Proc Natl Acad Sci U S A

Departments of Pathology and Microbiology-Immunology, The Feinberg School of Medicine, Northwestern University, 303 Chicago Avenue, Chicago, IL 60611, USA.

Published: October 2003

When the malaria parasite Plasmodium falciparum infects an erythrocyte, it resides in a parasitophorous vacuole and remarkably exports proteins into the periphery of its host cell. Two of these proteins, the histidine-rich proteins I and II (PfHRPI and PfHRPII), are exported to the erythrocyte cytoplasm. PfHRPI has been linked to cell-surface "knobby" protrusions that mediate cerebral malaria and are a frequent cause of death. PfHRPII has been implicated in (i) the production of hemozoin, the black pigment associated with disease, as well as (ii) interactions with the erythrocyte cytoskeleton. Here we show that a tripartite signal that is comprised of an endoplasmic reticulum-type signal sequence followed by a bipartite vacuolar translocation signal derived from HRPII and HRPI exports GFP from the parasitophorous vacuole to the host cytoplasm.

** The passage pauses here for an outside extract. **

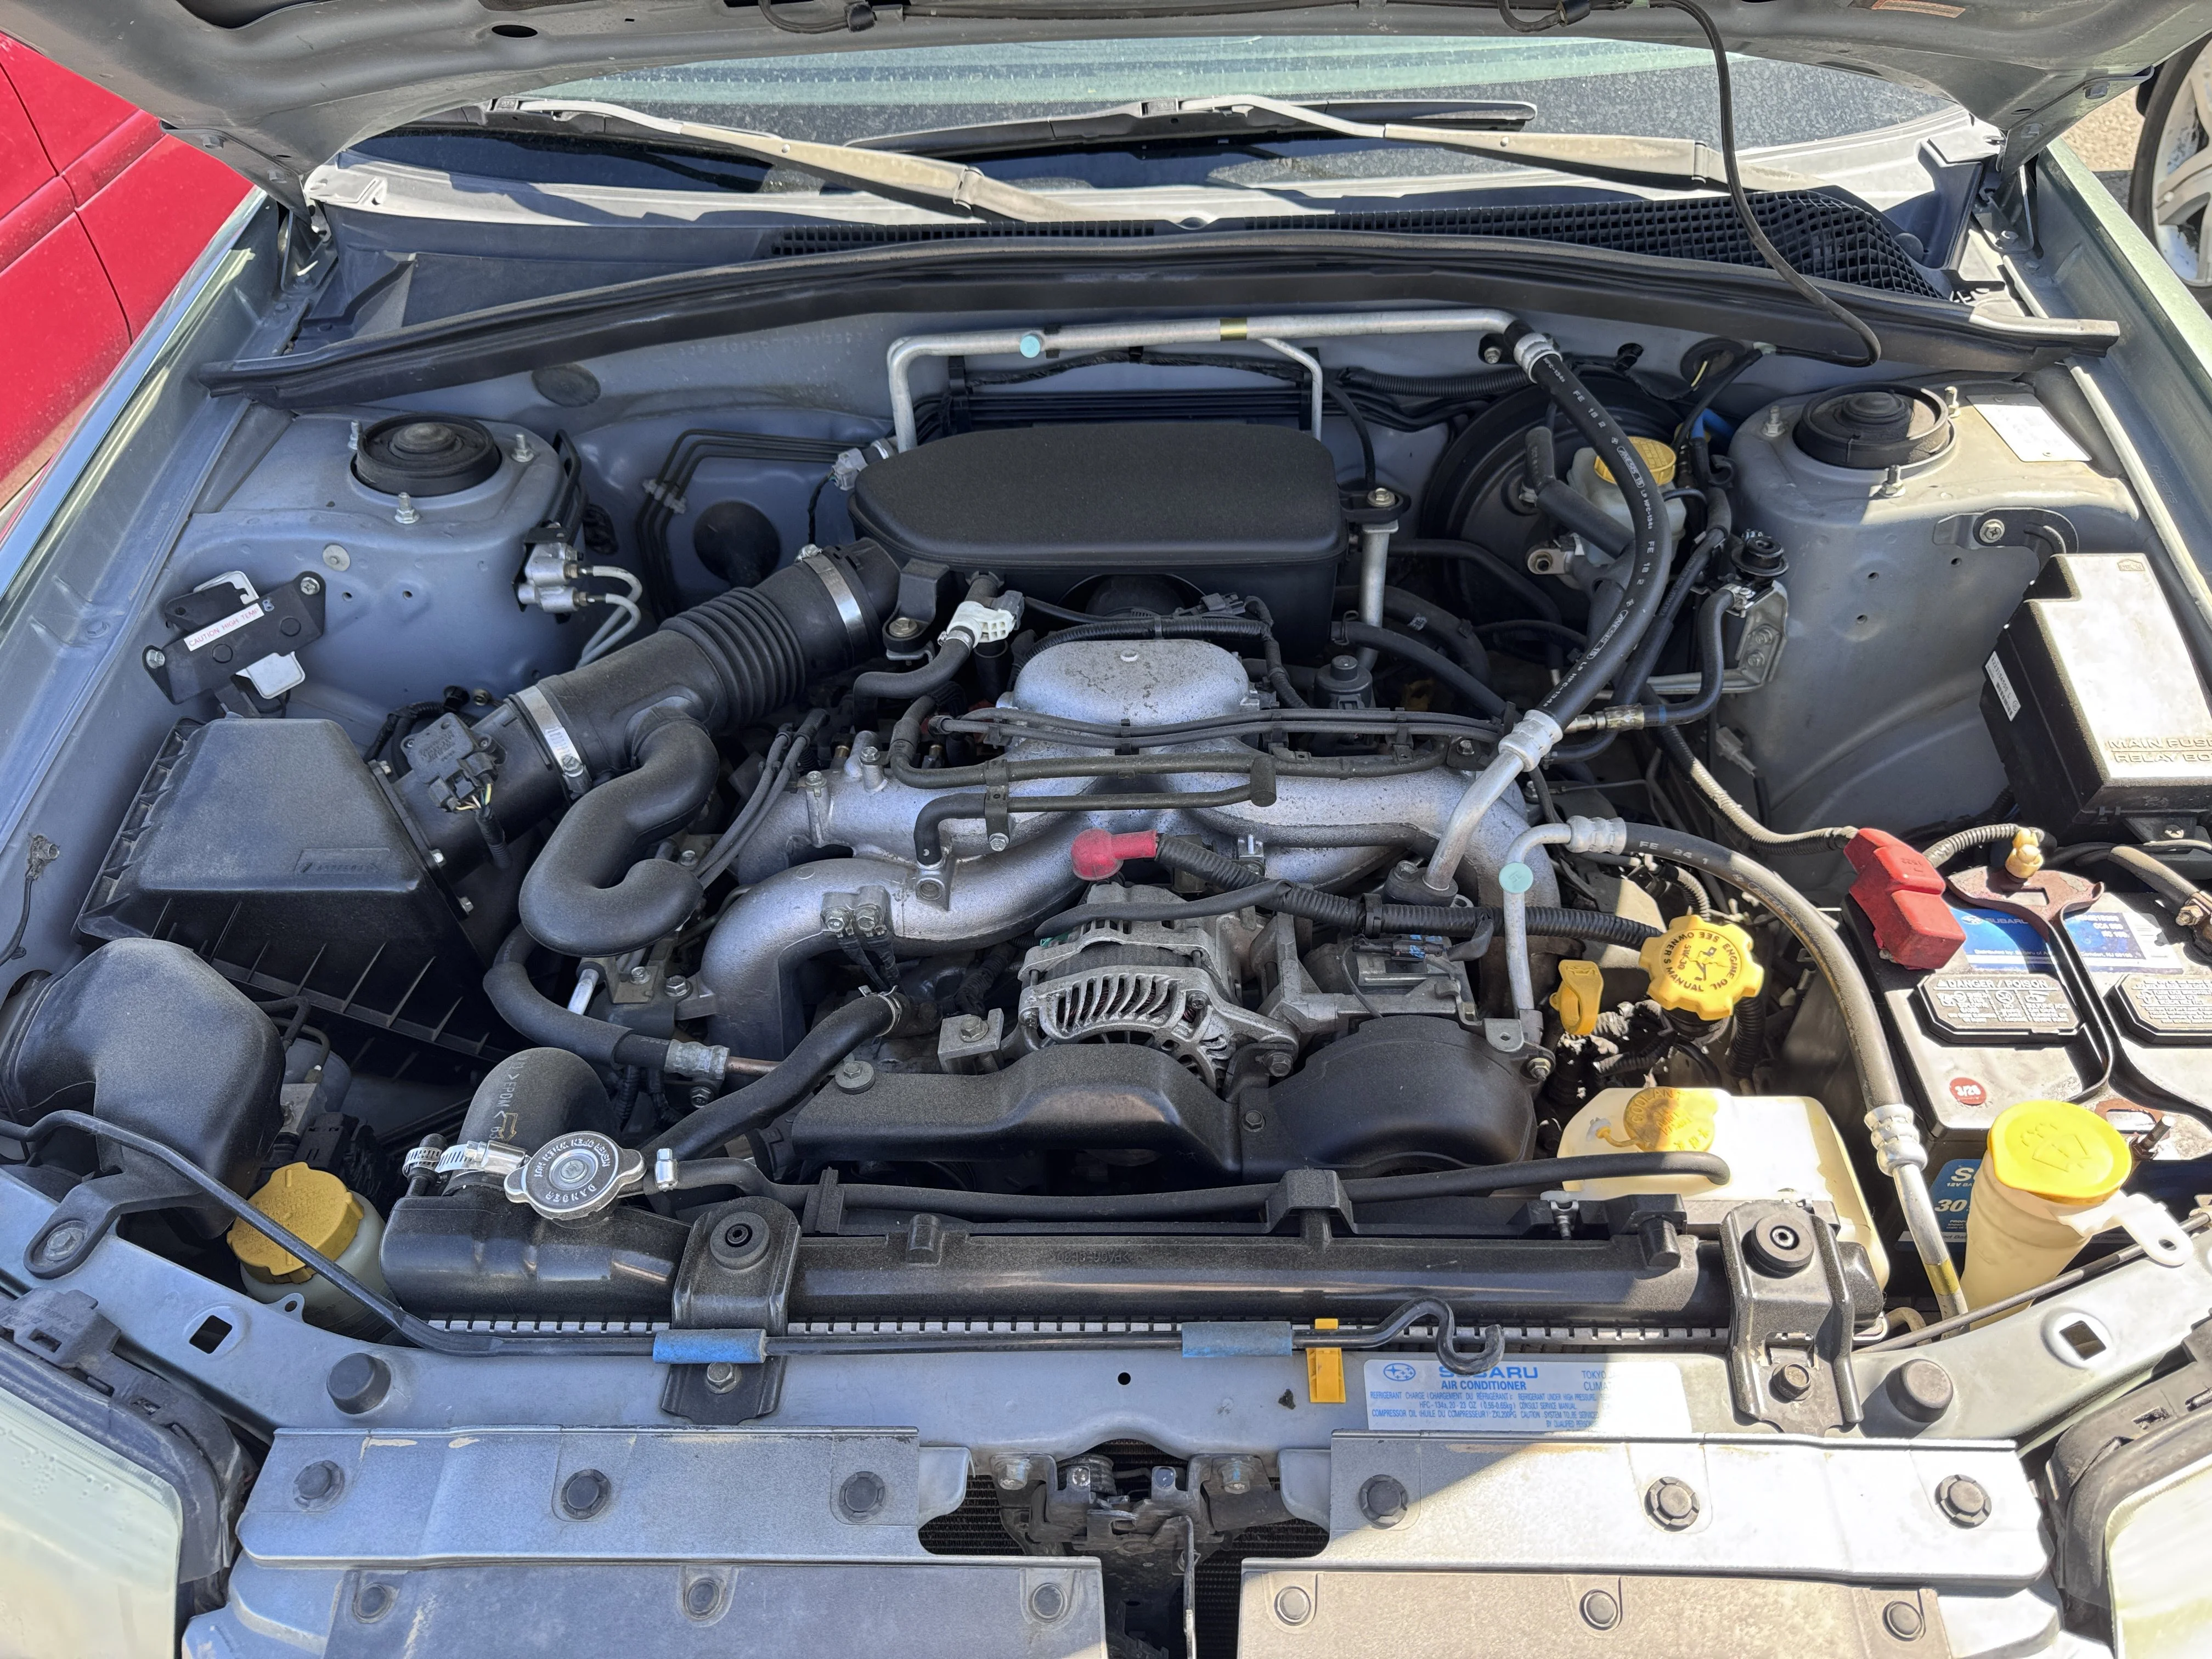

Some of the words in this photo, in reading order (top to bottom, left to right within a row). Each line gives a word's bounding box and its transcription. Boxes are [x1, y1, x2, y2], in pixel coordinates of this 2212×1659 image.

The bipartite vacuolar translocation signal is comprised of unique, peptidic (approximately equal to 40-aa) sequences. A domain within it contains the signal for export to "cleft" transport intermediates in the host erythrocyte and may thereby regulate the pathway of export to the host cytoplasm. A signal for posttranslational, vacuolar exit of proteins has hitherto not been described in eukaryotic secretion.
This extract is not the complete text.